At the November meeting, the BOE reacted to rate expectations which had become too high following the disastrous economic program of the former prime minister Liz Truss. The recent data could make it harder to justify such an intervention.
James Smith, economist for developed markets at ING, said: “With inflation consistently coming out hotter than anticipated, we suspect that officials will be less willing to give any firm guidance as to what comes next.”
The BOE will likely signal that the forecasts for August will reveal inflation to be higher than expected. This is due to unexpectedly strong data from April and May.
Wednesday’s data showing inflation holding at 8.7% in May was the fourth straight month of stronger-than-expected data. The price pressures have reached their highest level in 31 years. This is contrary to expectations of a rapid drop in inflation in this year.
The BOE may not release any new forecasts until the end of its next meeting on August 3, but it could use Thursday’s minutes to warn that both inflation and economic growth are likely to be negatively affected.
The rate bets have fueled an increase in mortgage rates. This will put pressure on 1.3 million households who are due to refinance their fixed-rate loans from April until the end of the year.
Moneyfacts data shows that, in the lead-up to today’s MPC vote the average rate for a fixed-rate two-year deal was over 6%. This is close to the record high of 14 years set late last year.
According to the Institute for Fiscal Studies, the average mortgage holder would pay nearly £280 extra each month at current rates compared to a scenario in which borrowing costs continued through March 2022. This is 8.3% of the disposable income.
The BOE could comment on its expectations regarding the impact of recent increases in mortgage rates and their next forecasts.
Silvana Teyreyro will lead the MPC’s nine-member chief dove for the final time, as her tenure as a rate-setter is drawing to a conclusion.

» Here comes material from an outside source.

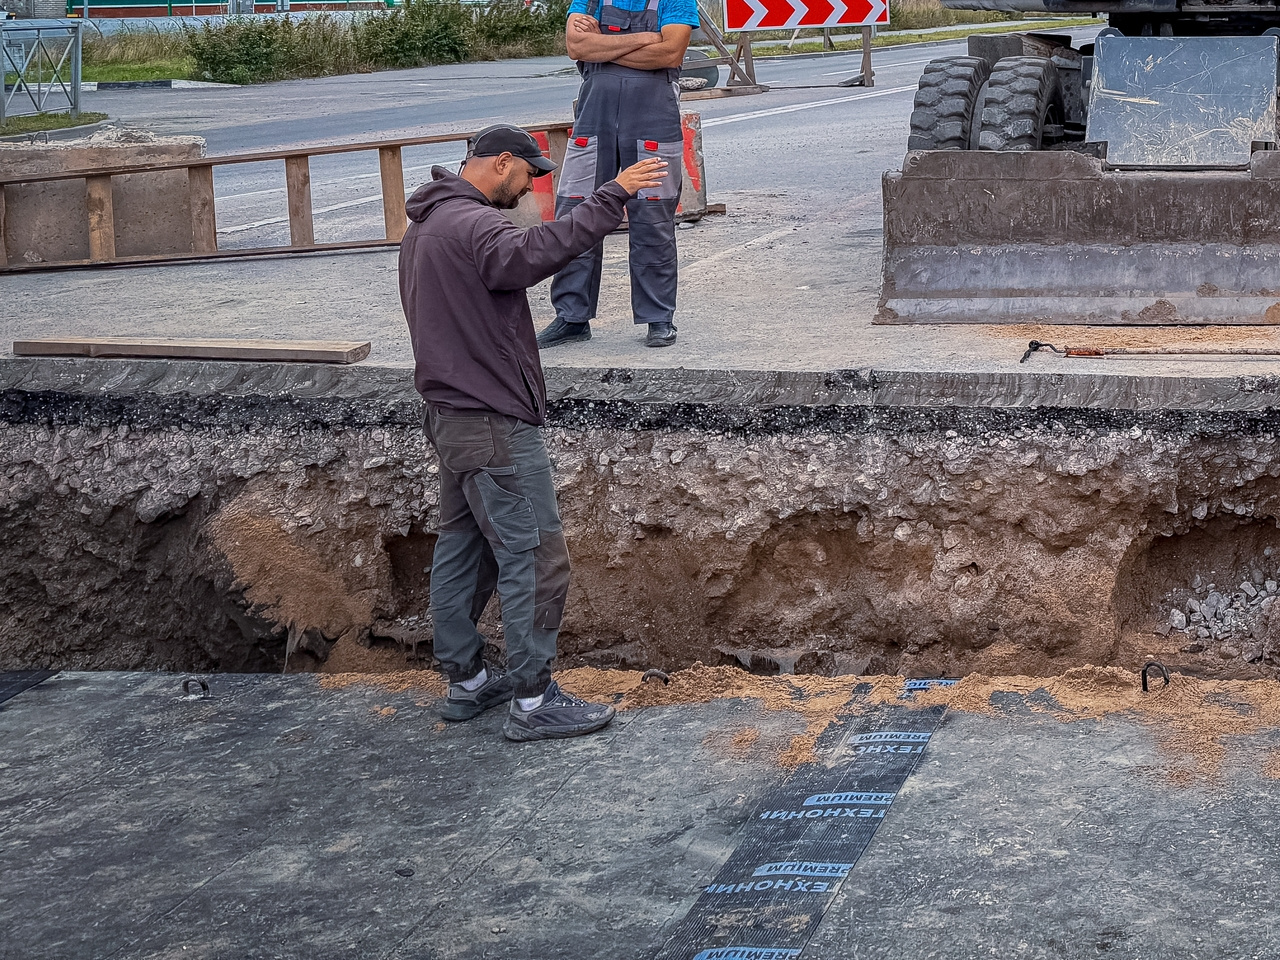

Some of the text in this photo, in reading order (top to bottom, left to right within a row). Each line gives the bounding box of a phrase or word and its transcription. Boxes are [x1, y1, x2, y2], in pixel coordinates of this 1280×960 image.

The majority of economists predict a 7-2 split in favor of a quarter point hike. This is the same split that was seen at the three previous meetings. The inflation data on Wednesday could lead at least one rate setter, like Catherine Mann, to support a larger increase.
Neil Shearing is the chief economist of Capital Economics. He said that while the meeting was “finely balanced”, the “ugly” inflation print tipped the balance in favor of a half-point rise on Thursday. Megan Greene, global chief economist at Kroll Institute and new member of the MPC starting July 5, could push the committee in a more hawkish path. She replaces Tenreyro. Before the BOE makes a decision in September on how to run off its bonds, the debate about the BOE’s reverse of quantitative easing will be a reality. Since the global financial crises, the BOE has bought up to PS895 billion in bonds. Now it is winding down this program under a new name called quantitative tightening.
Last month, Deputy Governor Dave Ramsden suggested that the BOE’s bond portfolio is currently being reduced at an annual rate of approximately PS80 billion. Goldman Sachs, however, argued this week that BOE would actually reduce the pace due to the volatility of the market and the amount of gilts that investors must absorb.